Data to process.

------------------------------

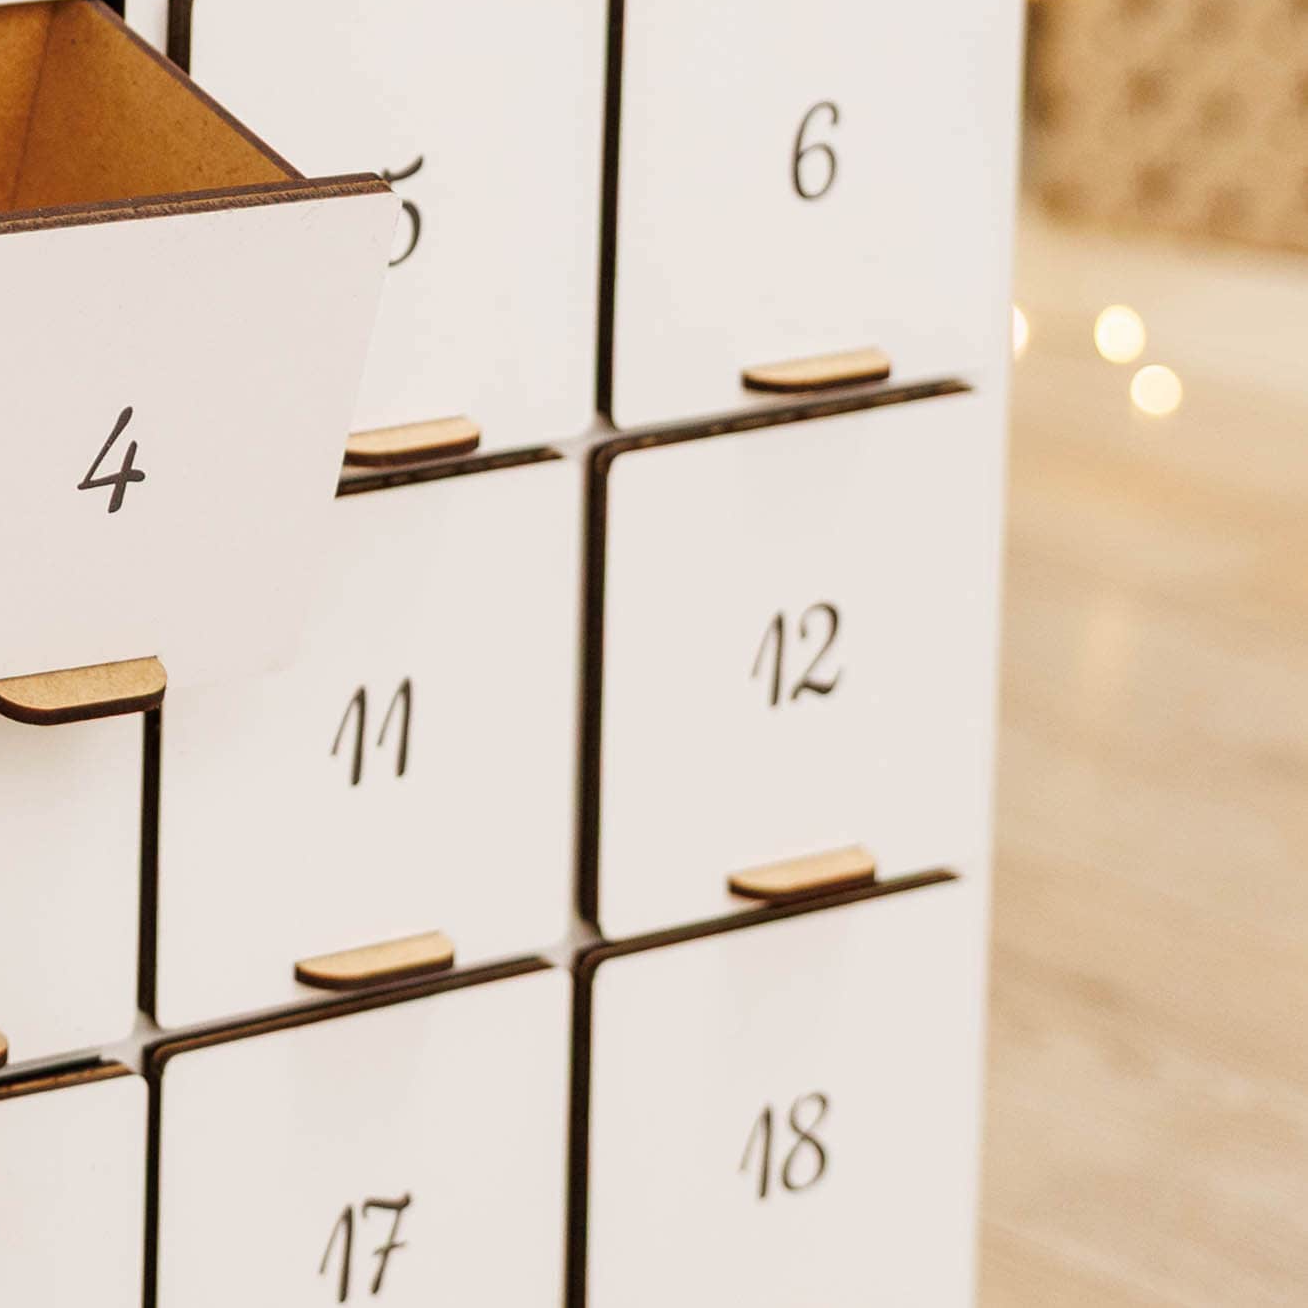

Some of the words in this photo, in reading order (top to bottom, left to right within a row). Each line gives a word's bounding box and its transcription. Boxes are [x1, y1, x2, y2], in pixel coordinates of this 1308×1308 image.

[790, 100, 840, 202] 6
[77, 406, 146, 514] 4
[752, 602, 840, 707] 12
[330, 676, 414, 787] 11
[740, 1092, 829, 1200] 18
[318, 1192, 414, 1305] 17
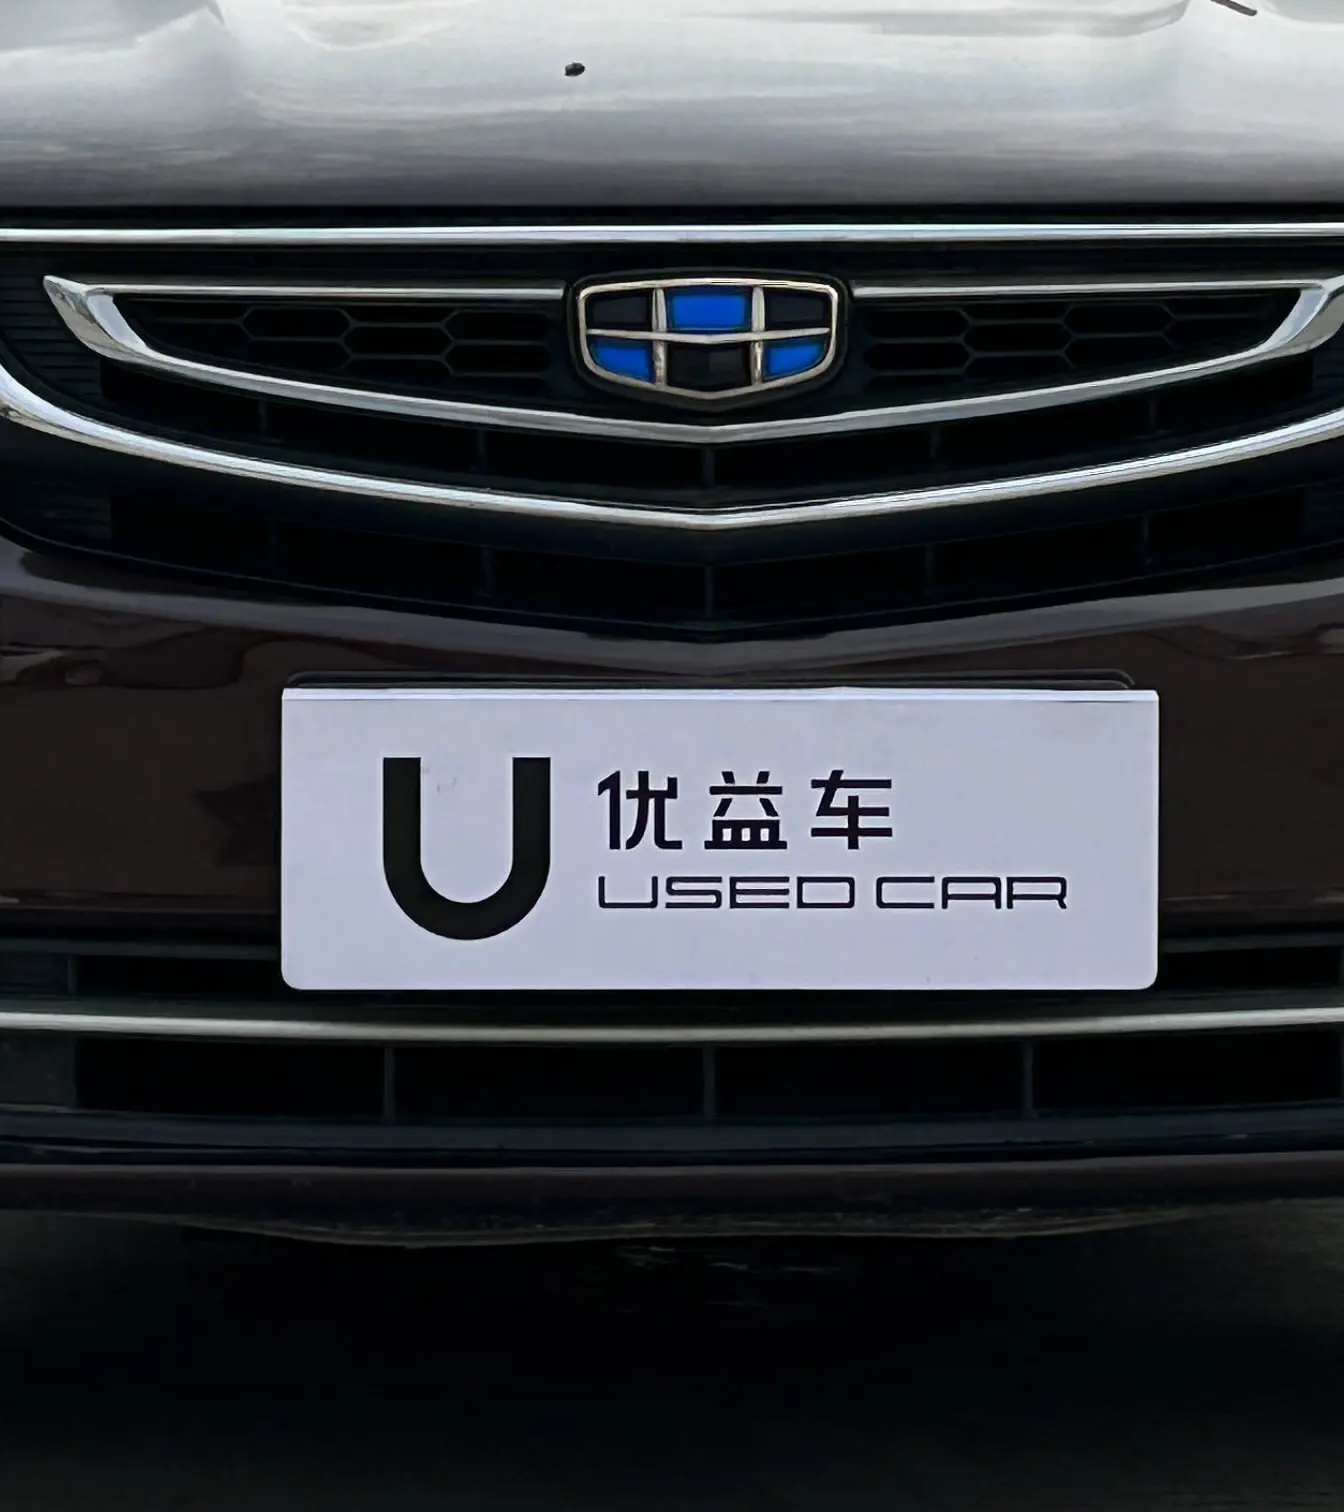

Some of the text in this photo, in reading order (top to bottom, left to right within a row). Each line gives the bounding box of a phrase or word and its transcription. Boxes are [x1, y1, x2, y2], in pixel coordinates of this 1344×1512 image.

[382, 756, 551, 941] U
[597, 769, 893, 850] 优益车
[598, 875, 1067, 910] USED CAR

------------------------------

What needs to be done. Reproduce all of the data exactly; the pictures do not belong in the copy.

Result for this exercise.
Some of the words in this photo, in reading order (top to bottom, left to right within a row). Each line gives a word's bounding box and its transcription. Boxes are [x1, y1, x2, y2], in pixel coordinates of this 1308×1308 image.

[790, 100, 840, 202] 6
[77, 406, 146, 514] 4
[752, 602, 840, 707] 12
[330, 676, 414, 787] 11
[740, 1092, 829, 1200] 18
[318, 1192, 414, 1305] 17

Some of the text in this photo, in reading order (top to bottom, left to right within a row). Each line gives the bounding box of a phrase or word and its transcription. Boxes are [x1, y1, x2, y2], in pixel coordinates of this 1344×1512 image.

[382, 756, 551, 941] U
[597, 769, 893, 850] 优益车
[598, 875, 1067, 910] USED CAR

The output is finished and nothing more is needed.